[Data extracted from a collection]
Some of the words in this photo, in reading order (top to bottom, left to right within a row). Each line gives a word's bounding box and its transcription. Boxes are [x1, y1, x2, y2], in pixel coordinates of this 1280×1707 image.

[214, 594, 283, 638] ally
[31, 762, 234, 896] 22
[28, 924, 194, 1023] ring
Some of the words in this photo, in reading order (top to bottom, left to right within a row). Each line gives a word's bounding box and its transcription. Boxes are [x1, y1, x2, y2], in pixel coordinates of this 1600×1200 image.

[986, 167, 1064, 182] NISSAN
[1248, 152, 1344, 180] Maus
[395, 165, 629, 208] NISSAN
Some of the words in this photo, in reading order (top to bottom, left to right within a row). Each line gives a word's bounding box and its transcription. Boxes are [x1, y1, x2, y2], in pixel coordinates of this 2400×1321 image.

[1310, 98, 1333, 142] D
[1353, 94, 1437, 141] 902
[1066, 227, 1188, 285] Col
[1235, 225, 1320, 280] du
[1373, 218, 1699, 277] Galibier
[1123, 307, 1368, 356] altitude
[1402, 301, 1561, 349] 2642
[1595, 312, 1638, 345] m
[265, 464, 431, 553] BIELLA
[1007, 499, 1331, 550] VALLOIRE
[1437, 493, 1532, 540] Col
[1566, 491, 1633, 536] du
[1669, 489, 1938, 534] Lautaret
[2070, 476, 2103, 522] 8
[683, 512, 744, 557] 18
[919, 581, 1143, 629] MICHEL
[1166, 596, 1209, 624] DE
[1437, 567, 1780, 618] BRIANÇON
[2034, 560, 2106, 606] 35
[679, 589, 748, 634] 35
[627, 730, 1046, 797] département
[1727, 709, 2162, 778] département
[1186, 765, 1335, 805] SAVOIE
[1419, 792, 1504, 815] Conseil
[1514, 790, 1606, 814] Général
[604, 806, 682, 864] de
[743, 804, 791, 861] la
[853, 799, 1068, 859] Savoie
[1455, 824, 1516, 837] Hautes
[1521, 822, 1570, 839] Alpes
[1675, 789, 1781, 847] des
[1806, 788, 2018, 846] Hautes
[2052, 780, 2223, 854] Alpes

What to produce
Your task is to reproduce the records in full, without any alteration.

Output below
Some of the words in this photo, in reading order (top to bottom, left to right within a row). Each line gives a word's bounding box and its transcription. Boxes are [x1, y1, x2, y2], in pixel coordinates of this 1280×1707 image.

[214, 594, 283, 638] ally
[31, 762, 234, 896] 22
[28, 924, 194, 1023] ring
Some of the words in this photo, in reading order (top to bottom, left to right within a row). Each line gives a word's bounding box and its transcription. Boxes are [x1, y1, x2, y2], in pixel coordinates of this 1600×1200 image.

[986, 167, 1064, 182] NISSAN
[1248, 152, 1344, 180] Maus
[395, 165, 629, 208] NISSAN
Some of the words in this photo, in reading order (top to bottom, left to right within a row). Each line gives a word's bounding box and its transcription. Boxes are [x1, y1, x2, y2], in pixel coordinates of this 2400×1321 image.

[1310, 98, 1333, 142] D
[1353, 94, 1437, 141] 902
[1066, 227, 1188, 285] Col
[1235, 225, 1320, 280] du
[1373, 218, 1699, 277] Galibier
[1123, 307, 1368, 356] altitude
[1402, 301, 1561, 349] 2642
[1595, 312, 1638, 345] m
[265, 464, 431, 553] BIELLA
[1007, 499, 1331, 550] VALLOIRE
[1437, 493, 1532, 540] Col
[1566, 491, 1633, 536] du
[1669, 489, 1938, 534] Lautaret
[2070, 476, 2103, 522] 8
[683, 512, 744, 557] 18
[919, 581, 1143, 629] MICHEL
[1166, 596, 1209, 624] DE
[1437, 567, 1780, 618] BRIANÇON
[2034, 560, 2106, 606] 35
[679, 589, 748, 634] 35
[627, 730, 1046, 797] département
[1727, 709, 2162, 778] département
[1186, 765, 1335, 805] SAVOIE
[1419, 792, 1504, 815] Conseil
[1514, 790, 1606, 814] Général
[604, 806, 682, 864] de
[743, 804, 791, 861] la
[853, 799, 1068, 859] Savoie
[1455, 824, 1516, 837] Hautes
[1521, 822, 1570, 839] Alpes
[1675, 789, 1781, 847] des
[1806, 788, 2018, 846] Hautes
[2052, 780, 2223, 854] Alpes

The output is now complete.